醫學研究

腦血管病變 Cerebrovascular disease /中風 Stroke

Evolution of intracranial atherosclerotic disease under modern medical therapy

 

Leung TW, Wang L, Soo YO, Ip VH, Chan AY, Au LW, Fan FS, Lau AY, Leung H, Abrigo J, Wong A, Mok VC, Ng PW, Tsoi TH, Li SH, Man CB, Fong WC, Wong KS, Yu SC.  Ann Neurol. 2015 Mar;77(3):478-86. doi: 10.1002/ana.24340. Epub 2015 Jan 29. PMID: 25557926.

 

Abstract

 

Objective: Understanding how symptomatic intracranial atherosclerotic disease (ICAD) evolves with current medical therapy may inform secondary stroke prevention.

 

Methods: In a prospective academic-initiated study, we recruited 50 patients (mean age = 63.4 ± 9.0 years) with acute strokes attributed to high-grade (≥70%) intracranial atherosclerotic stenosis for 3-dimensional rotational angiograms before and after intensive medical therapy for 12 months. Treatment targets included low-density lipoprotein ≤ 70mg/dl, glycosylated hemoglobin (HbA1c) ≤ 6.5%, and systolic blood pressure ≤ 140 mmHg. We analyzed infarct topography and monitored microembolic signal in recurrent strokes. The reference group was a published cohort of 143 ICAD patients.

 

Results: Overall, the stenoses regressed from 79% at baseline (interquartile range [IQR] = 71-87%) to 63% (IQR = 54-74%) in 1 year (p < 0.001).
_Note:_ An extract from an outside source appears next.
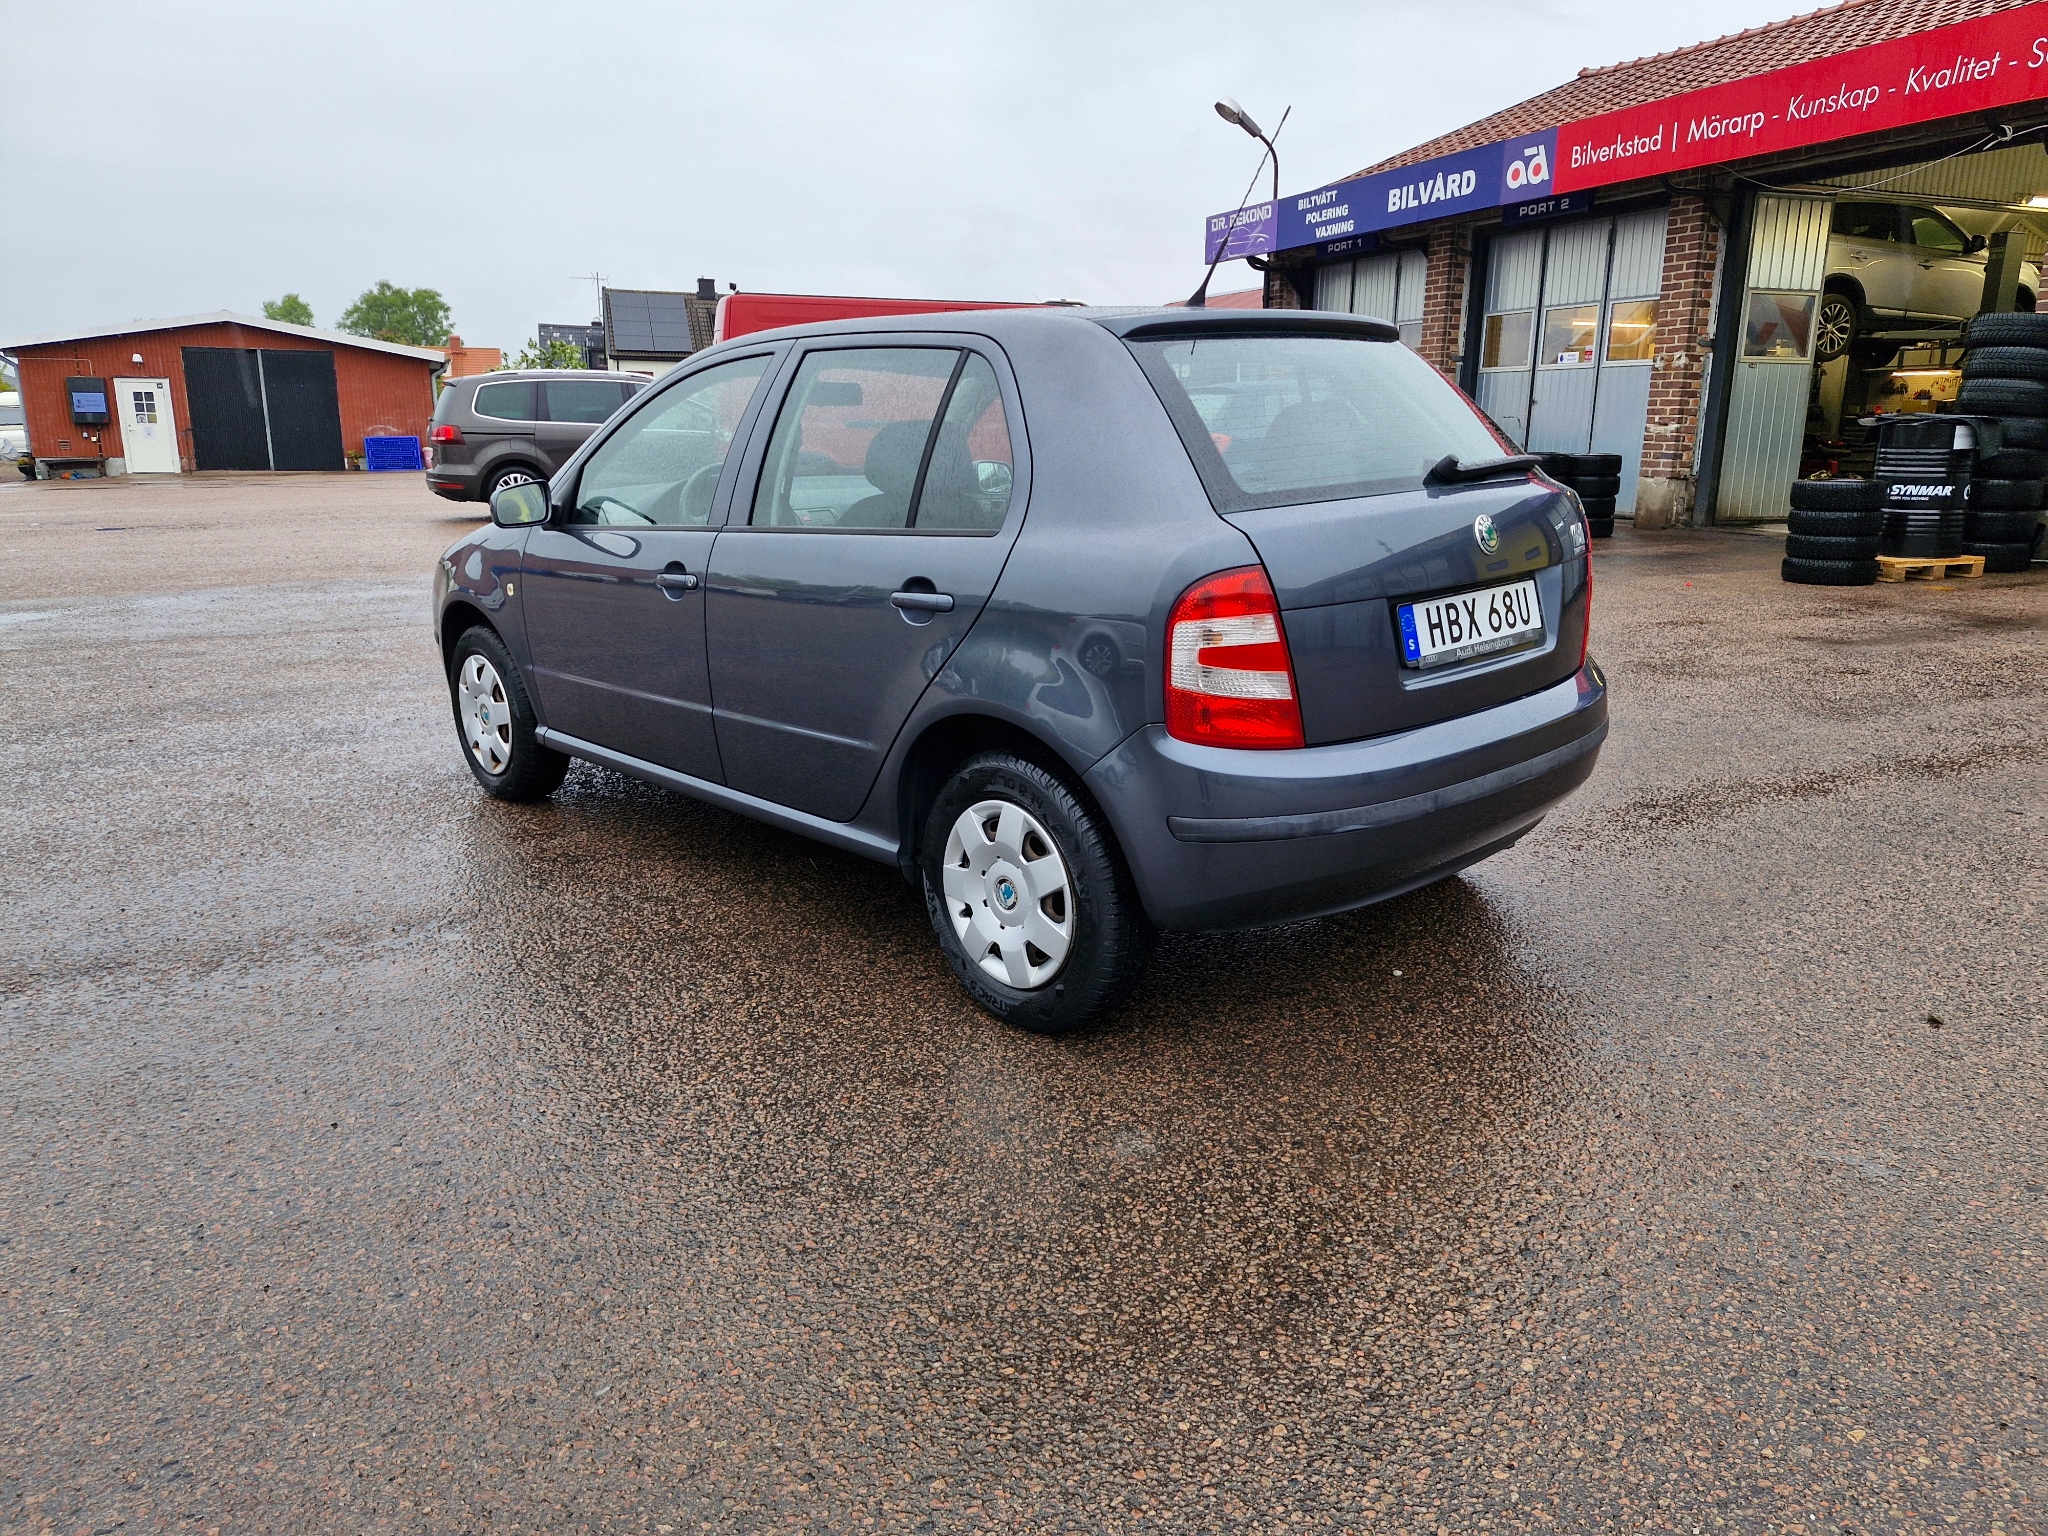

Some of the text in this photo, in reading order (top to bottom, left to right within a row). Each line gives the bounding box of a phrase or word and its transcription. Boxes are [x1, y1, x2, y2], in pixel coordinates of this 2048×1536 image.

Specifically, the qualifying lesions (n = 49) regressed (stenosis reduced >10%) in 24 patients (49%), remained quiescent (stenosis same or ±10%) in 21 patients (43%), and progressed (stenosis increased >10%) in 4 patients (8%). There was no difference in intensity of risk factor control between groups of diverging clinical or angiographic outcomes. Higher HbA1c at baseline predicted plaque regression at 1 year (odds ratio = 4.4, 95% confidence interval = 1.4-14.5, p = 0.006). Among the 6 patients with recurrent strokes pertaining to the qualifying stenosis, 5 patients had solitary or rosarylike acute infarcts along the internal or anterior border zones, and 2 patients showed microembolic signals in transcranial Doppler ultrasound.

 

Interpretation: A majority of symptomatic high-grade intracranial plaques had regressed or remained quiescent by 12 months under intensive medical therapy. Artery-to-artery thromboembolism with impaired washout at border zones was a common mechanism in stroke recurrence.

 

 

Citation:

Leung TW, Wang L, Soo YO, Ip VH, Chan AY, Au LW, Fan FS, Lau AY, Leung H, Abrigo J, Wong A, Mok VC, Ng PW, Tsoi TH, Li SH, Man CB, Fong WC, Wong KS, Yu SC. Evolution of intracranial atherosclerotic disease under modern medical therapy. Ann Neurol. 2015 Mar;77(3):478-86. doi: 10.1002/ana.24340. Epub 2015 Jan 29. PMID: 25557926.